All money is reducible to one and the same currency: energy. That's what flows through us, what moves us, and what motivates us. Money energizes because money is energy. The American greenback is a symbolic leaf of life: It starts out as a banknote of photosynthesis and is metabolized time and again through the samsaric mill of metabolic reincarnations until it transmutes into a living leaf of informational and symbolic value that is redeemable for energy. Currency is literally a current -- a current of energy trade. As such, money is a fundamentally heterotrophic invention. Money is an exchange of borrowed calories by those who didn't produce them in the first place. Autotrophs, the energy generators, have no need for money. Plants, unlike animals, are fundamentally and inalienably democratic and energy-independent. Each blade of grass has more sovereignty than any human nation. A blade of grass depends on nothing for its metabolic needs except abundant sun, air, water, and minerals. Each blade of grass is a dominion unto itself. It needs not ask, beg, buy, or trade. It is sovereign.

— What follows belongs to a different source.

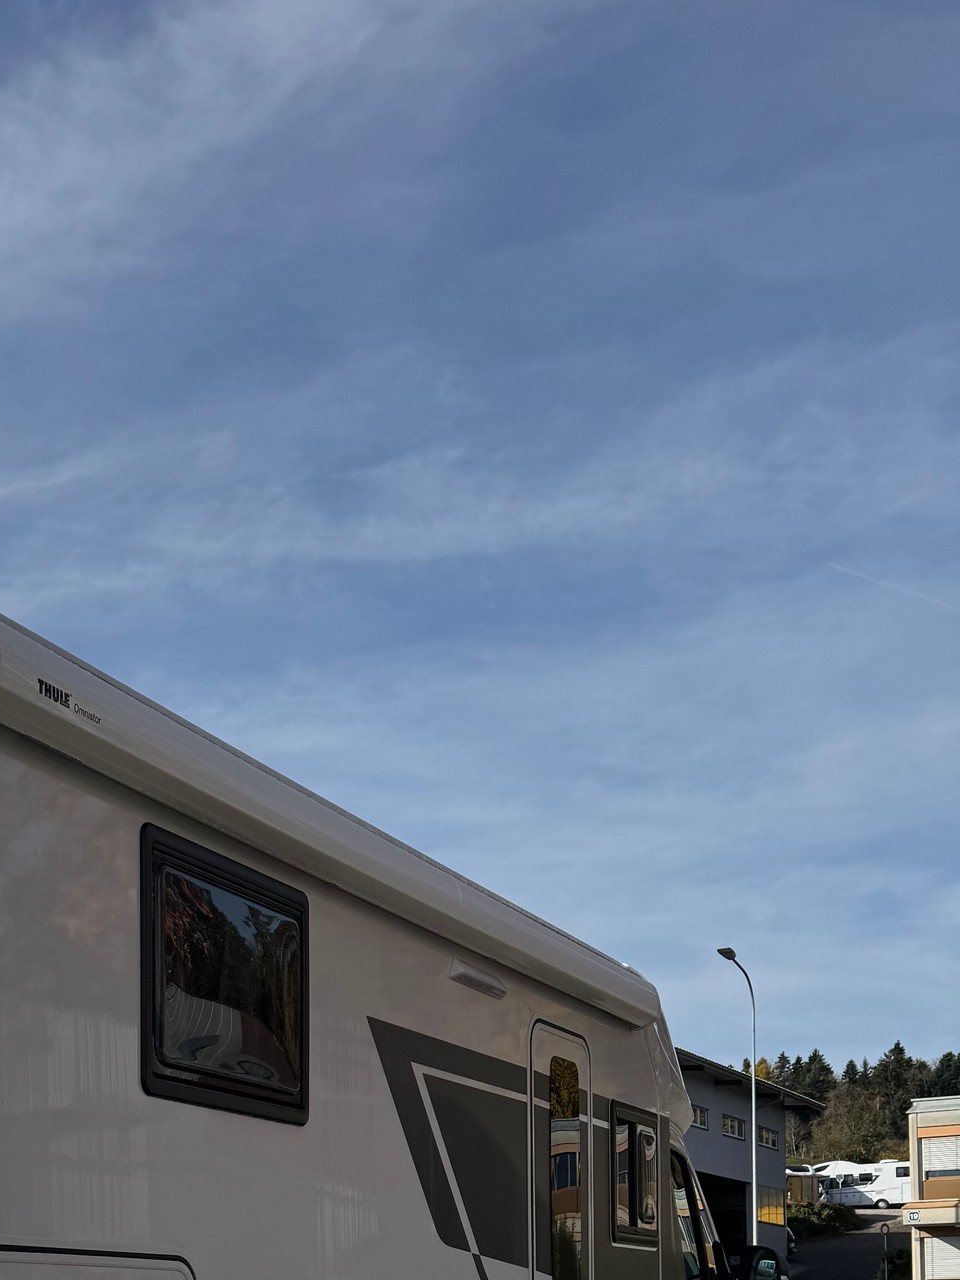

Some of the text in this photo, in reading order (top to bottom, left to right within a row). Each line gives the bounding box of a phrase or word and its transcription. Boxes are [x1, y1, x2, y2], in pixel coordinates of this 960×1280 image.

[37, 678, 102, 724] THULE Omnistor
[909, 1212, 919, 1220] 19
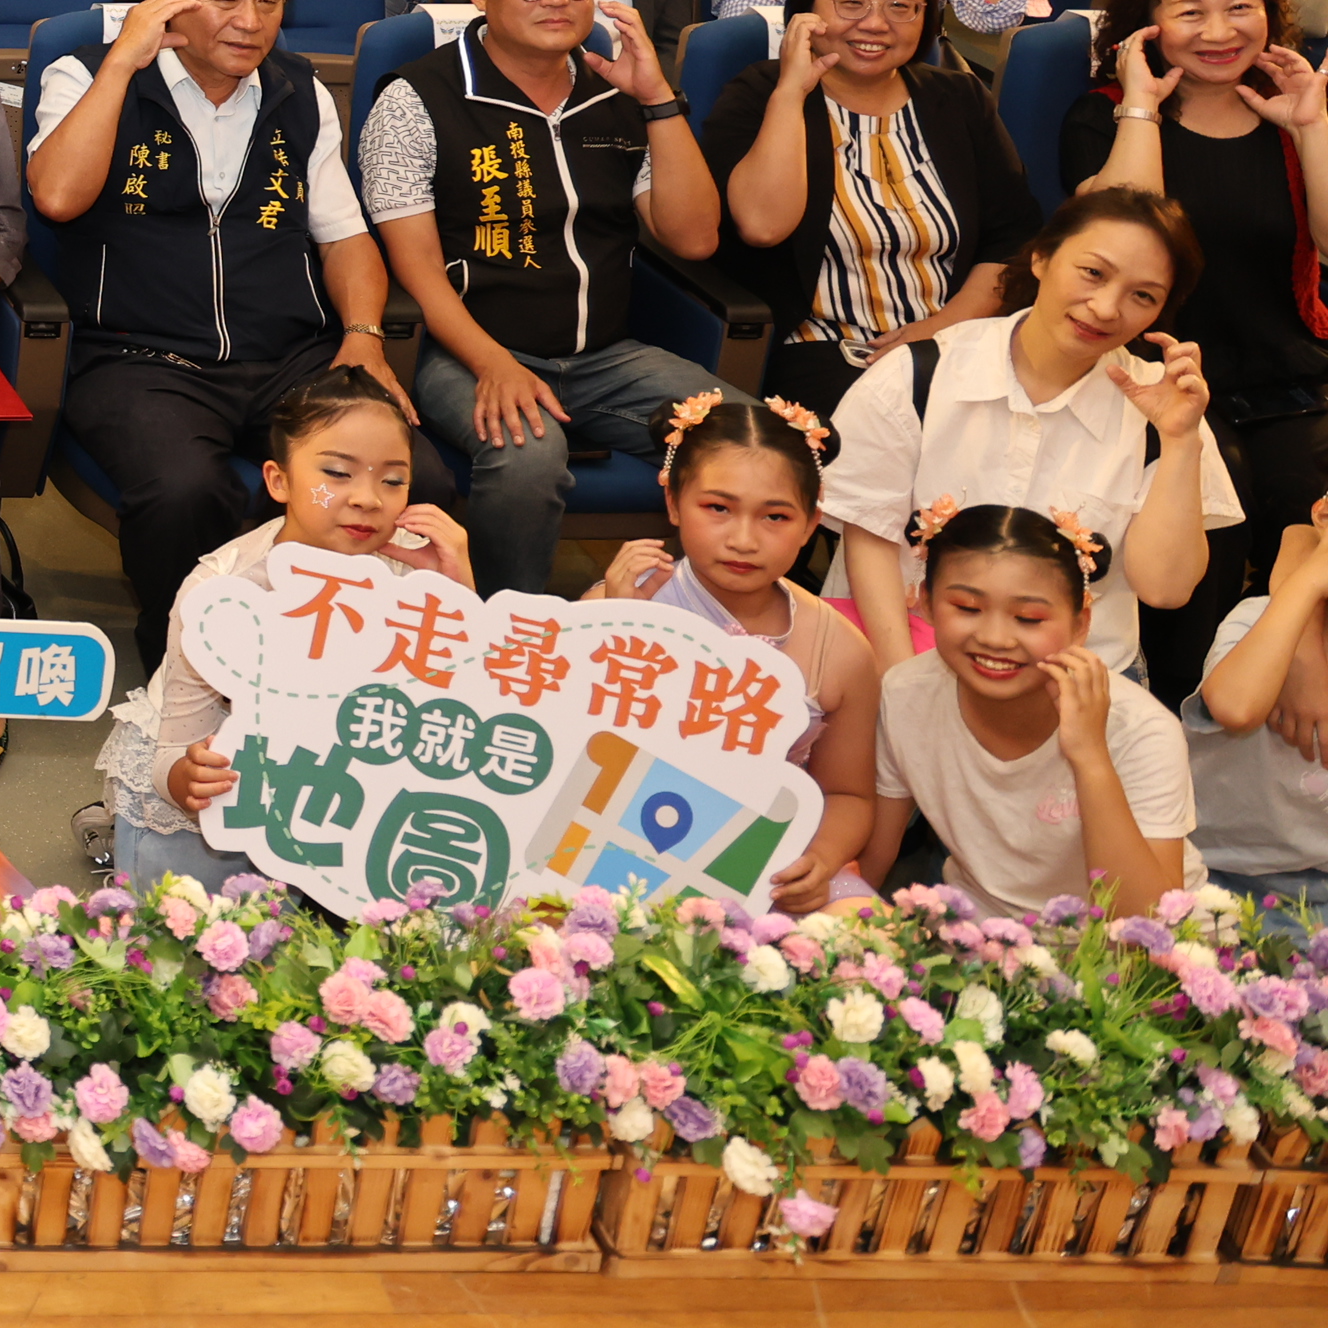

And so shall Homo solaris be. Reliant on the commons of sun, air, water, and minerals for physiological needs, Homo solaris will be beyond money and thus beyond the corruption of money and therefore fundamentally sovereign and inalienably free.

In his book Life: A Natural History of the First Four Billion Years of Life on Earth, Richard Fortey reminisces about the photosynthetic Eden of Precambrian time: "Cellularity had become a food chain, gobbling began, and voracity has never gone away. If there were a point in history at which Tennyson's famous phrase 'Nature, red in tooth and claw' could be said first to apply, this was it... The era of photosynthetic passivity and peaceful coexistence...had passed from the Earth, and the hierarchy of power has never subsequently been forgotten" (1998, 92-93). He's absolutely right: Heterotrophy is fundamentally hierarchical. Human photosynthesis, through "techno-organic evolution," wouldn't have to mean passivity, but it certainly can mean peaceful coexistence. Human photosynthesis, as I see it, would enable each individual through possession of an independent means of energy production. A civilization of metabolically independent individuals is a natural-born democracy.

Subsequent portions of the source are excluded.